One interesting aspect of the study was self-reported behavior of cyclists and drivers. It may come as a surprise to our driving brethren, that in this study, they admitted violating traffic laws at about the same percentage as cyclists. Yet, not surprisingly, the majority of the recommendations for safer streets in the study centered on cyclist education.

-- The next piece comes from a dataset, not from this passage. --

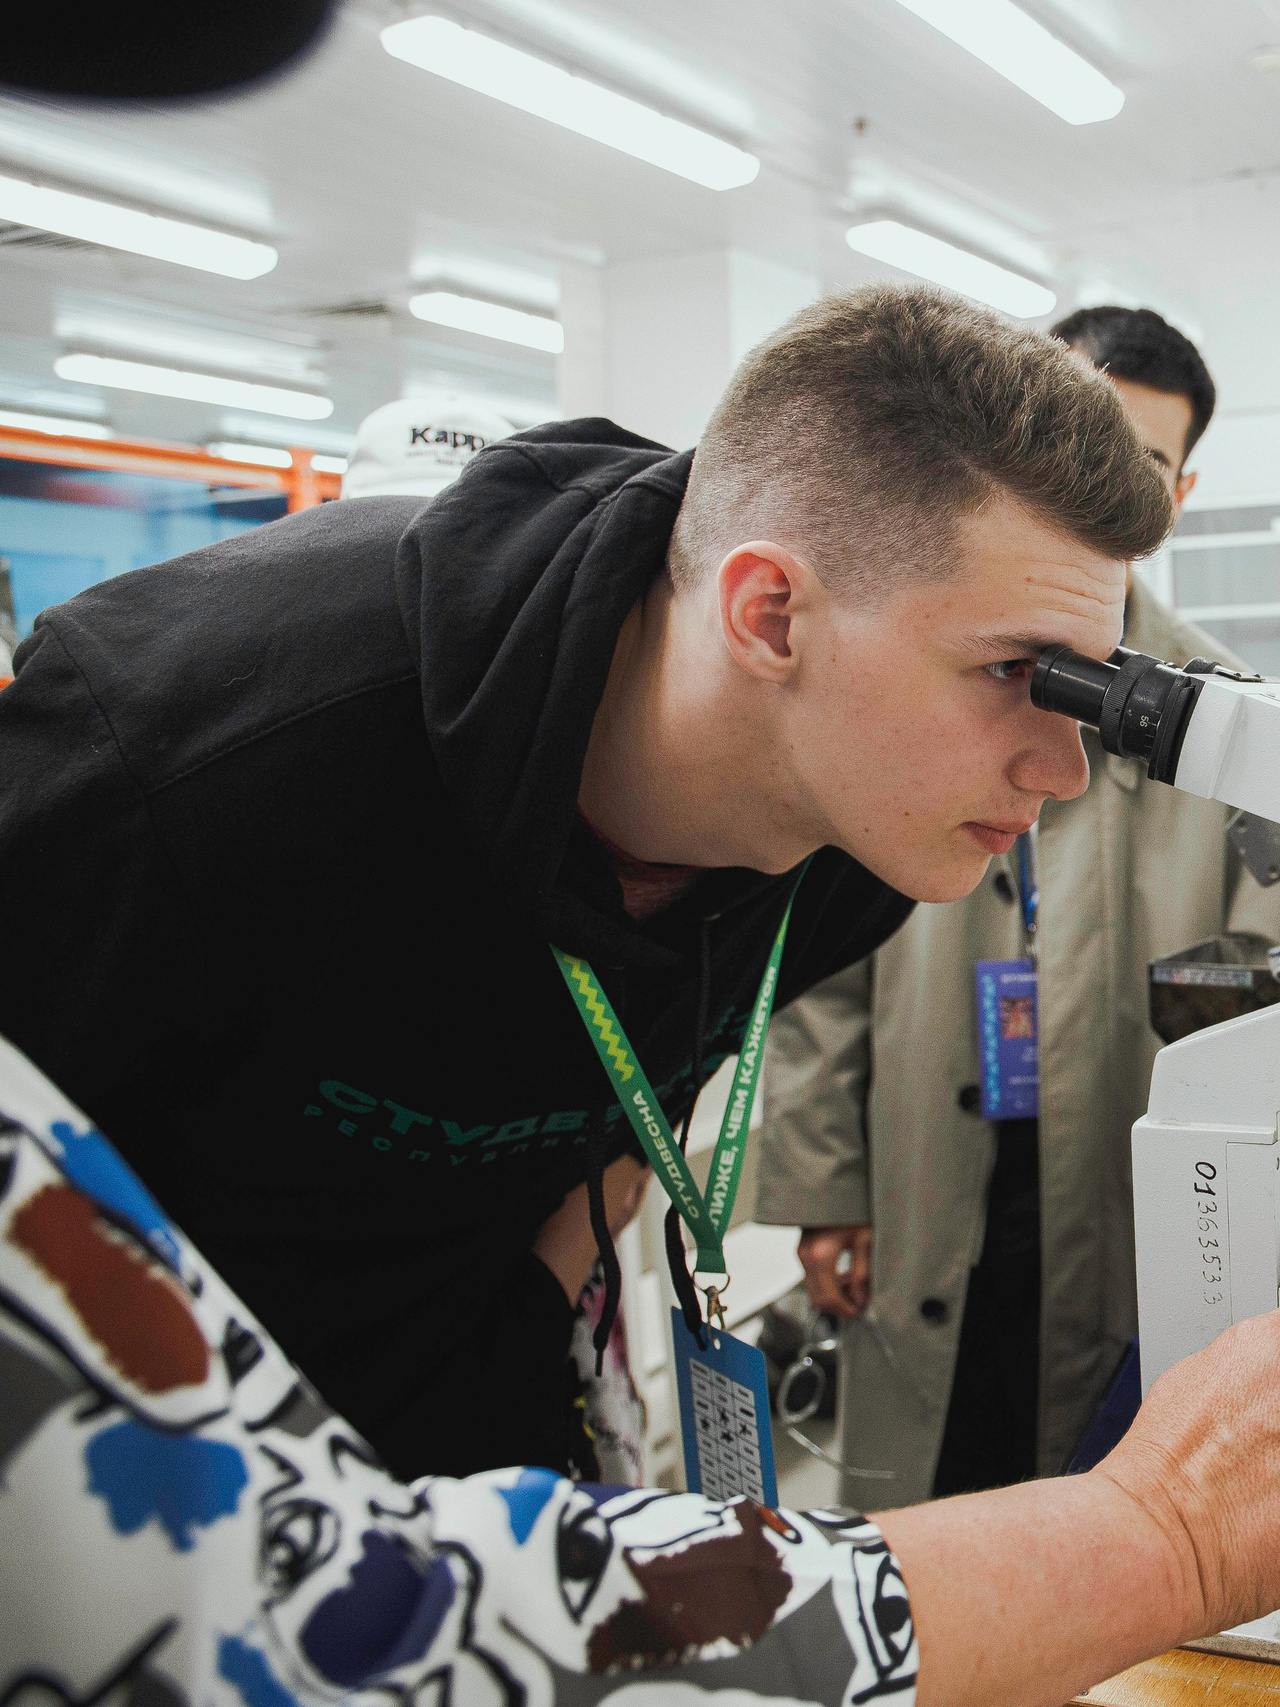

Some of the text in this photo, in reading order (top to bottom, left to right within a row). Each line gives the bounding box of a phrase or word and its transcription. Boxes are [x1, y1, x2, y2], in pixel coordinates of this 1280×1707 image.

[411, 427, 488, 451] Kapp
[632, 1089, 699, 1219] СТУДВЕСНА
[708, 965, 777, 1226] ЛИЖЕ, ЧЕМ КАЖЕТСЯ

In a massive study of some 18,000 people, Professor Wesley Marshall of the University of Colorado reached very similar conclusions. Drivers and cyclists obey the law at roughly the same percentages. The conduct of one is not significantly different than the conduct of the other. Interestingly, the study revealed cyclists were acutely aware of the dangers surrounding them and frequently reported they violated the rules in order to enhance their own safety, such as negotiating poorly designed infrastructure. Scofflaw bicycling: illegal but rational, The Journal of Transport and Land Use, Vol. 11, No. 1 (2018) PP 1-31 by Wesley Marshall and others.
Another article noted these eye opening results: “Among people who drive, nearly 100 percent said they exceed the speed limit, text behind the wheel, or break other laws; 98 percent of people who walk admitted to disregarding pedestrian signals; 96 percent of people who bike said they disregard stop signs and traffic lights.” Streetblog (www.streetblog.org) Busting the Myth of the “Scofflaw Cyclist” by Angie Schmidt, March, 16, 2017.
In my view, one of the issues concerning cyclist obedience to traffic rules is that when we break the rules it is very obvious to nearby motorists; the most common being our failure to stop at stop signs and traffic lights. When we do so, it instantly feeds into the preconceived bias by drivers that as a group we disregard traffic laws. It isn’t quite so obvious when a driver is speeding, driving drunk or drugged, putting on makeup, texting, casually talking to people in the backseat or generally being inattentive to the road ahead. These violations don’t catch everyone’s attention, yet they are extremely dangerous and more lethal than our rolling through a stop sign.
When we openly disregard stop signs and stop lights we lose the moral high ground while encouraging the stereotype we should be trying to shake. I understand rolling through a stop sign in a residential neighborhood with no cars in sight. But that isn’t equivalent to blowing through a red light regardless of vehicle being present. Doing so makes us an easy target for “cycling safety campaigns” in the name of reducing injuries and deaths. I look forward to the day when traffic planners focus the majority of their attention on increasing awareness by drivers on how to safely share the road with us and the deadly consequences when they fail to do so.